No retorno das obras, reforma do anexo do Masp lida com desafios

Projeto de remodelação do edifício Dumont-Adams foi retomado em agosto, após anos de paralisação; segundo responsáveis, maior dificuldade é a parte estrutural do imóvel

Bianca Zanatta

14 de novembro de 2021 | 05h00

Após um longo período de paralisação, foram retomadas em agosto as obras no edifício Dumont-Adams, ícone da avenida Paulista erguido na década de 1950, adquirido pela Vivo e doada ao vizinho Masp, em 2005. A ideia era construir um anexo para o museu, mas a obra foi paralisada em 2013, por desavenças entre o museu e a empresa. Resolvidos os problemas, o projeto voltou a andar.

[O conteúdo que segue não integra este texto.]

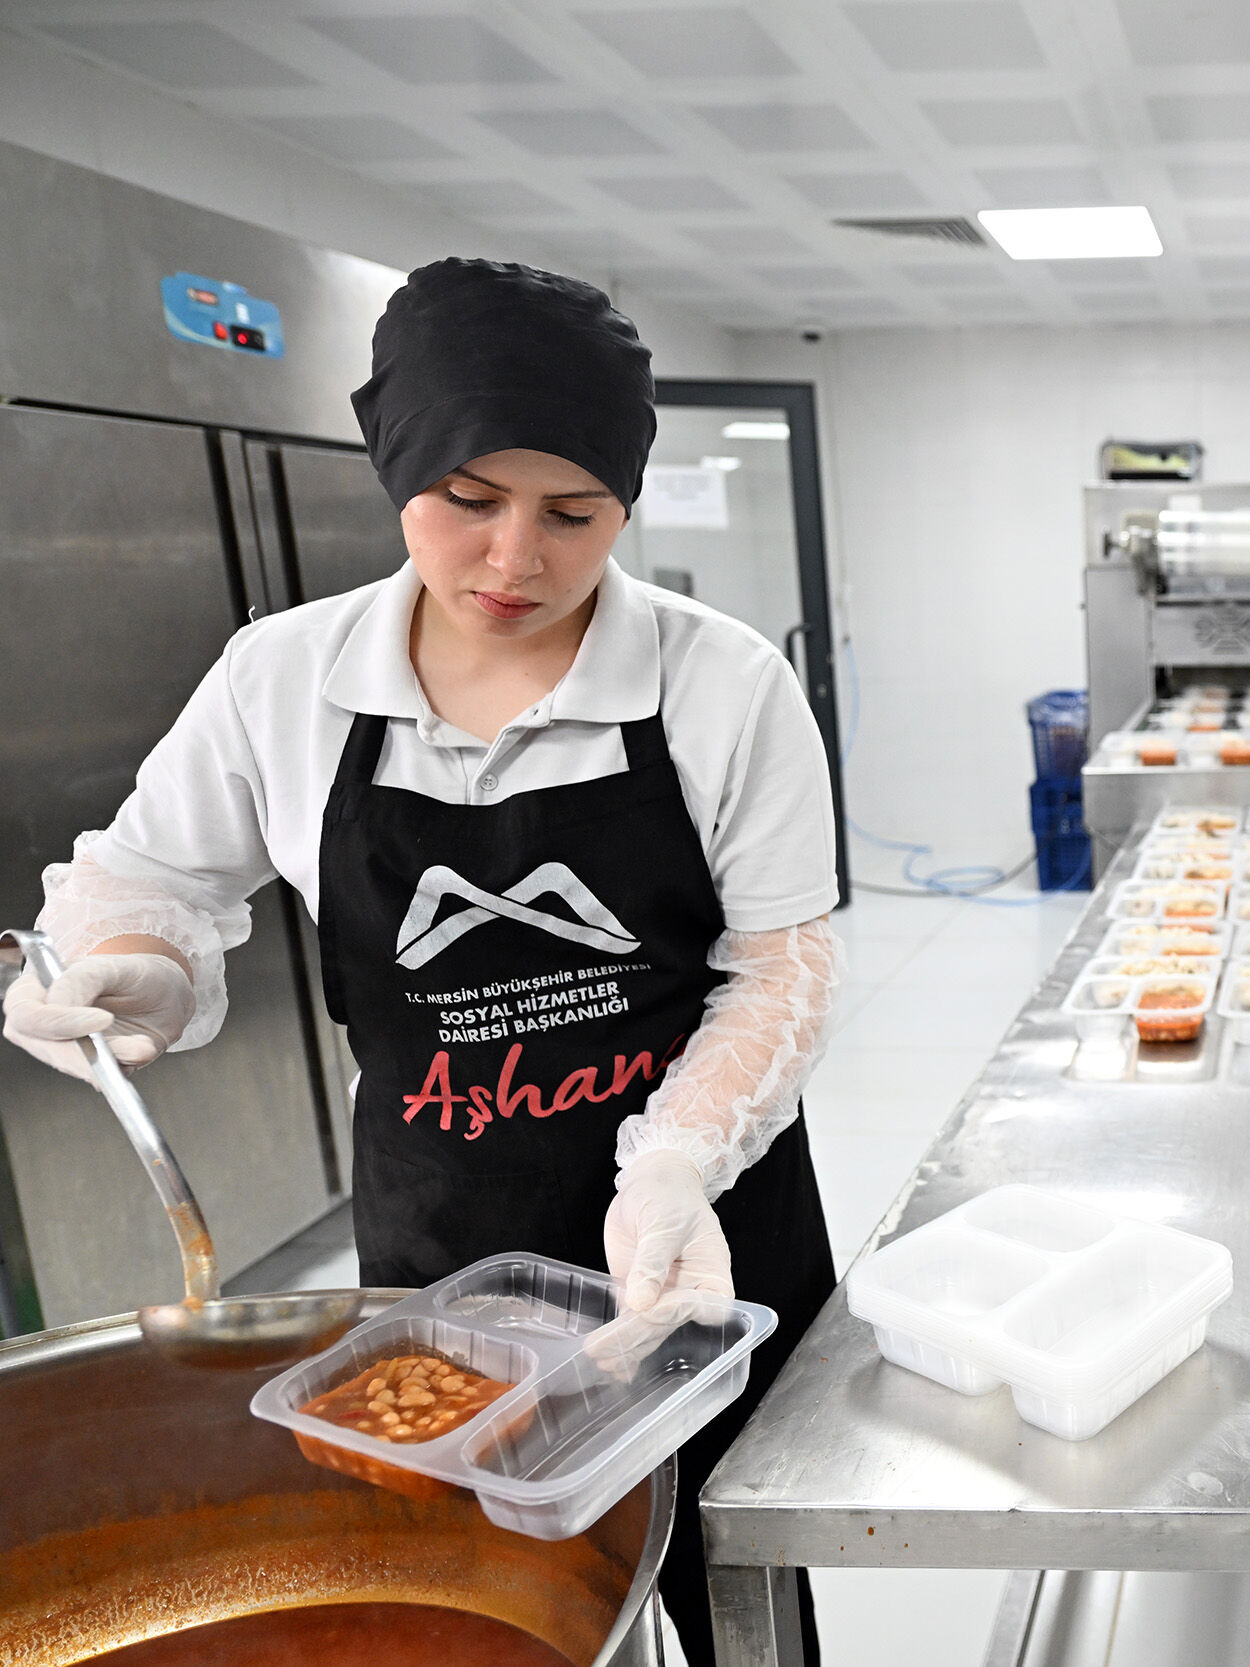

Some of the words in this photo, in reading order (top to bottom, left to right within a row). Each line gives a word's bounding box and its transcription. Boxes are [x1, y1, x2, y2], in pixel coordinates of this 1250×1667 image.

[404, 991, 425, 1004] T.C.
[426, 987, 480, 1005] MERSİN
[482, 970, 574, 999] BÜYÜKŞEHİR
[439, 1002, 514, 1026] SOSYAL
[516, 980, 620, 1015] HİZMETLER
[438, 1018, 509, 1043] DAİRESİ
[513, 995, 630, 1034] BAŞKANLIĞI
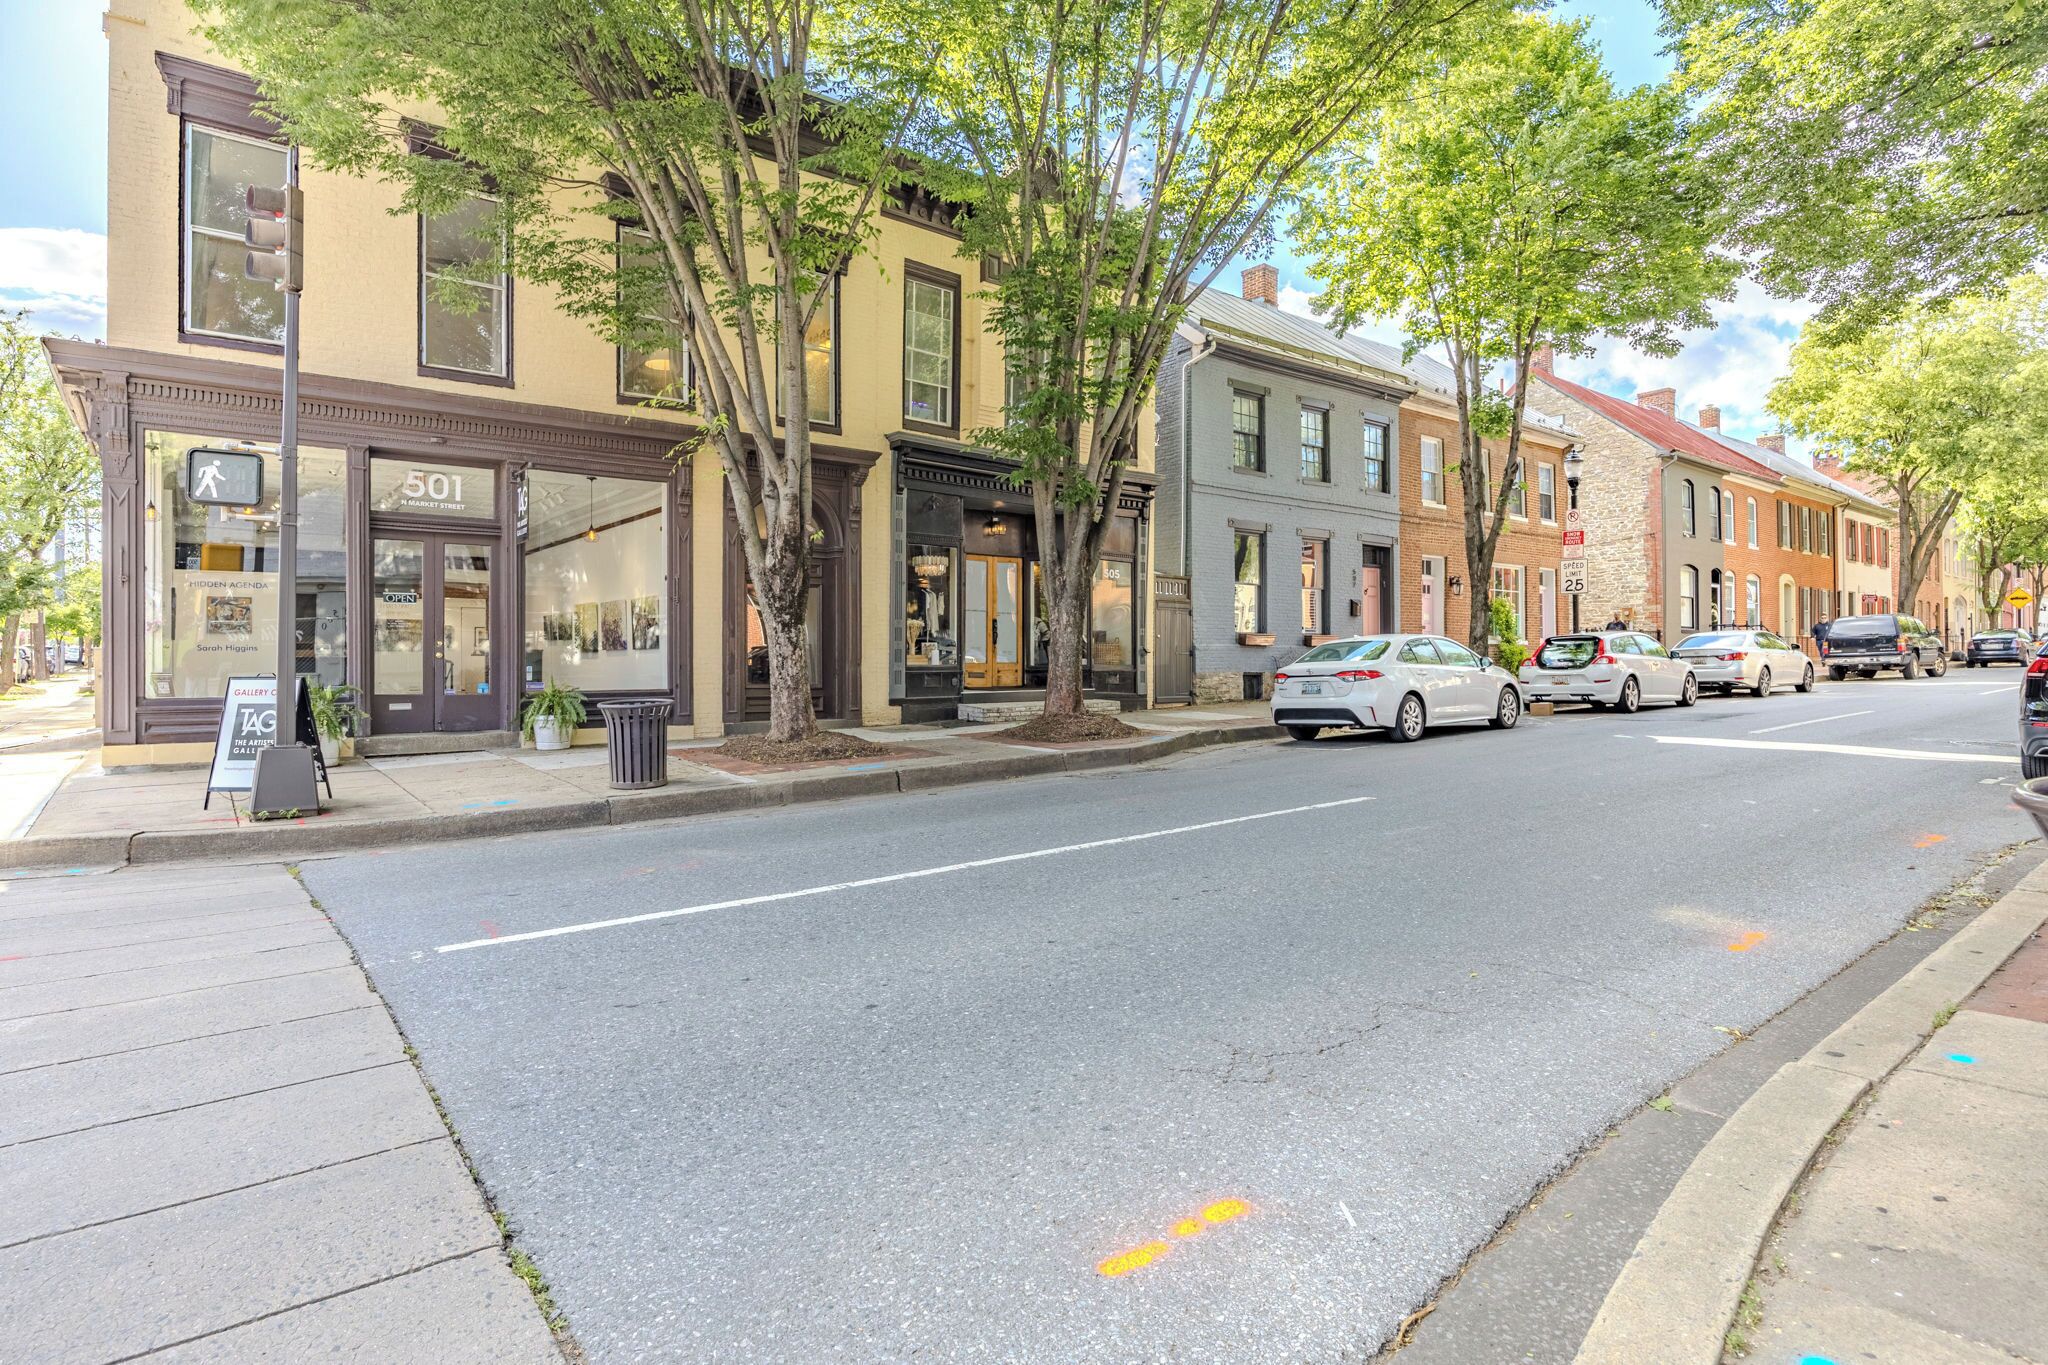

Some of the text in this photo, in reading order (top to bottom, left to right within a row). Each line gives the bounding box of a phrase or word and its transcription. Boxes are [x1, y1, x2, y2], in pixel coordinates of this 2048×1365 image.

[403, 470, 462, 501] 501
[440, 502, 466, 510] STREET
[517, 486, 528, 517] TAG
[1103, 568, 1120, 579] 505
[1565, 570, 1582, 578] LIMIT
[189, 580, 269, 589] HIDDEN AGENDA
[1565, 579, 1584, 592] 25
[385, 594, 415, 602] OPEN
[225, 644, 258, 653] Higgins
[234, 688, 269, 696] GALLERY
[240, 708, 276, 736] TAG
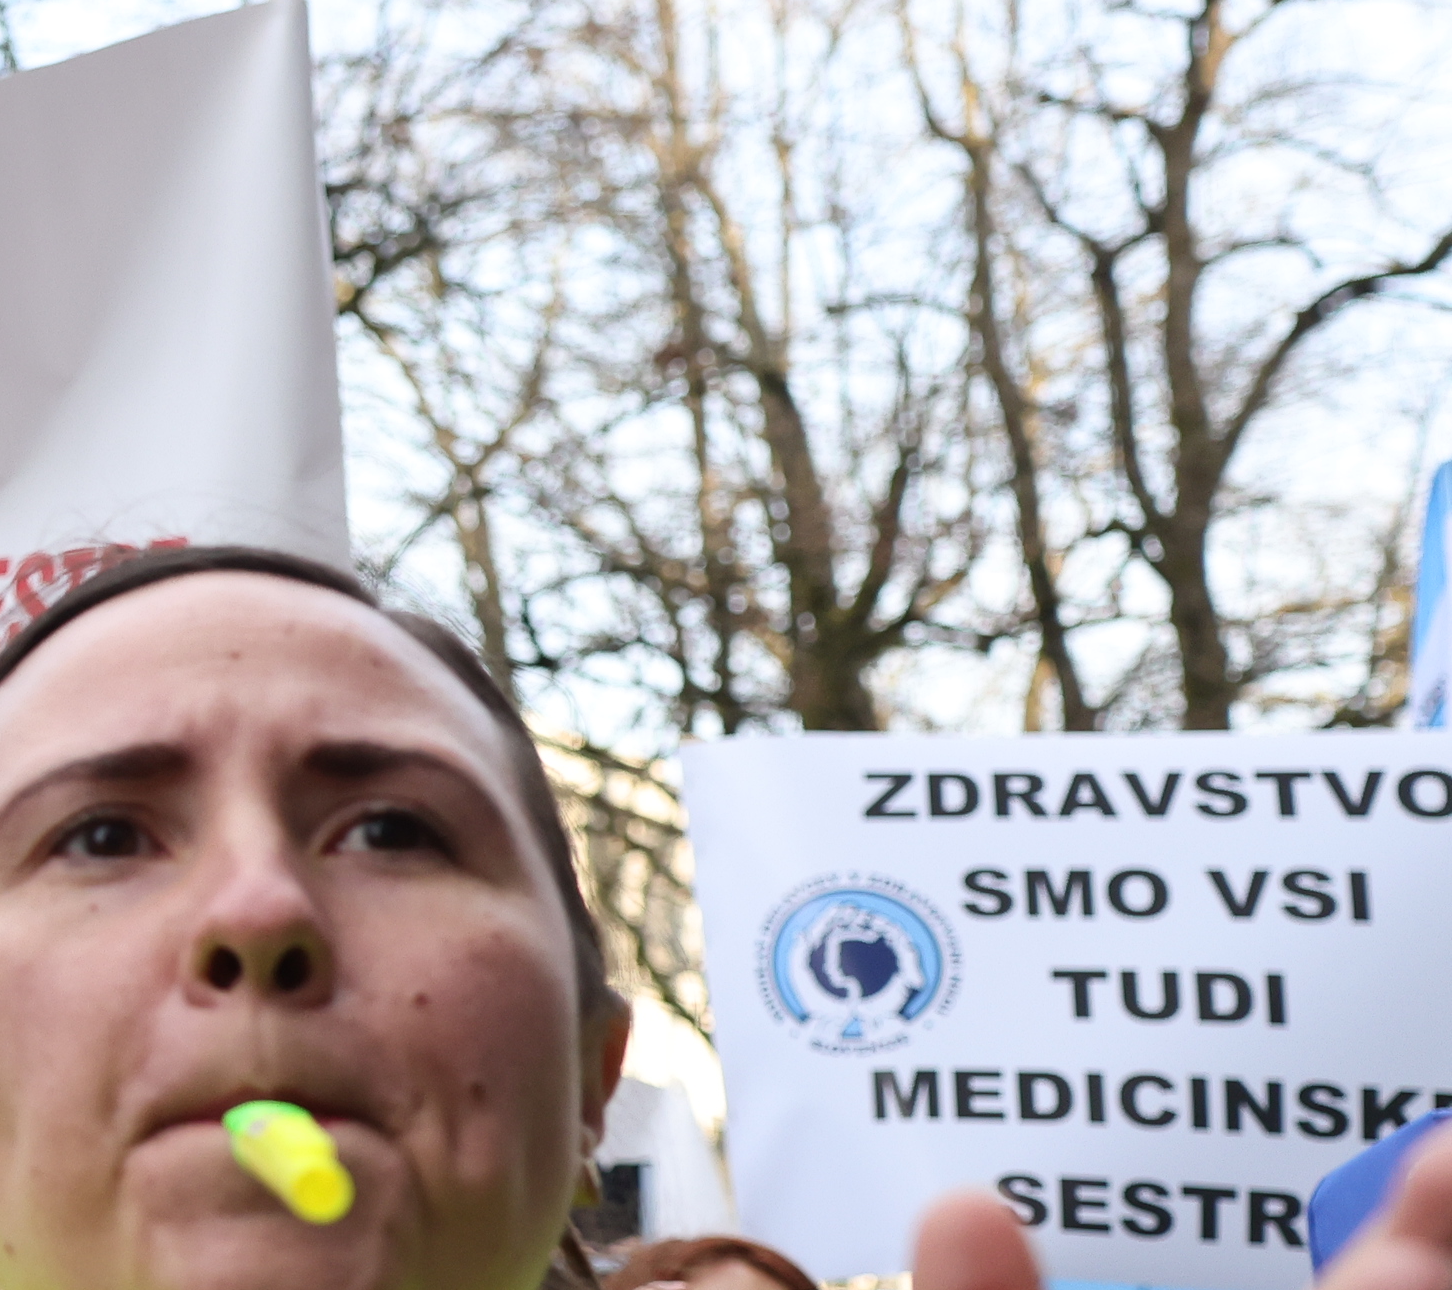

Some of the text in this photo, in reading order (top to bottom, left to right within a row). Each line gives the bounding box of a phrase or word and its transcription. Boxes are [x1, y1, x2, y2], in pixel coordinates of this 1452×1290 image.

[861, 770, 1452, 819] ZDRAVSTVO
[961, 867, 1373, 923] SMO VSI
[1051, 969, 1289, 1026] TUDI
[872, 1069, 1452, 1140] MEDICINSK

Quem está à frente do projeto agora é o escritório Metro Arquitetos Associados, em coautoria com Júlio Neves, que ocupou a presidência do Masp de 1995 a 2009 e é responsável pelo projeto legal. “A gente entrou para fazer os projetos das exposições do museu seis anos atrás e começou a fazer diagnósticos das questões estruturais do prédio ao lado, entender como melhorar”, diz Martin Corullon, sócio do Metro ao lado de Gustavo Cedroni. “A ideia é que seja um edifício discreto, que sirva como pano de fundo para a sede, mas não um prédio genérico.”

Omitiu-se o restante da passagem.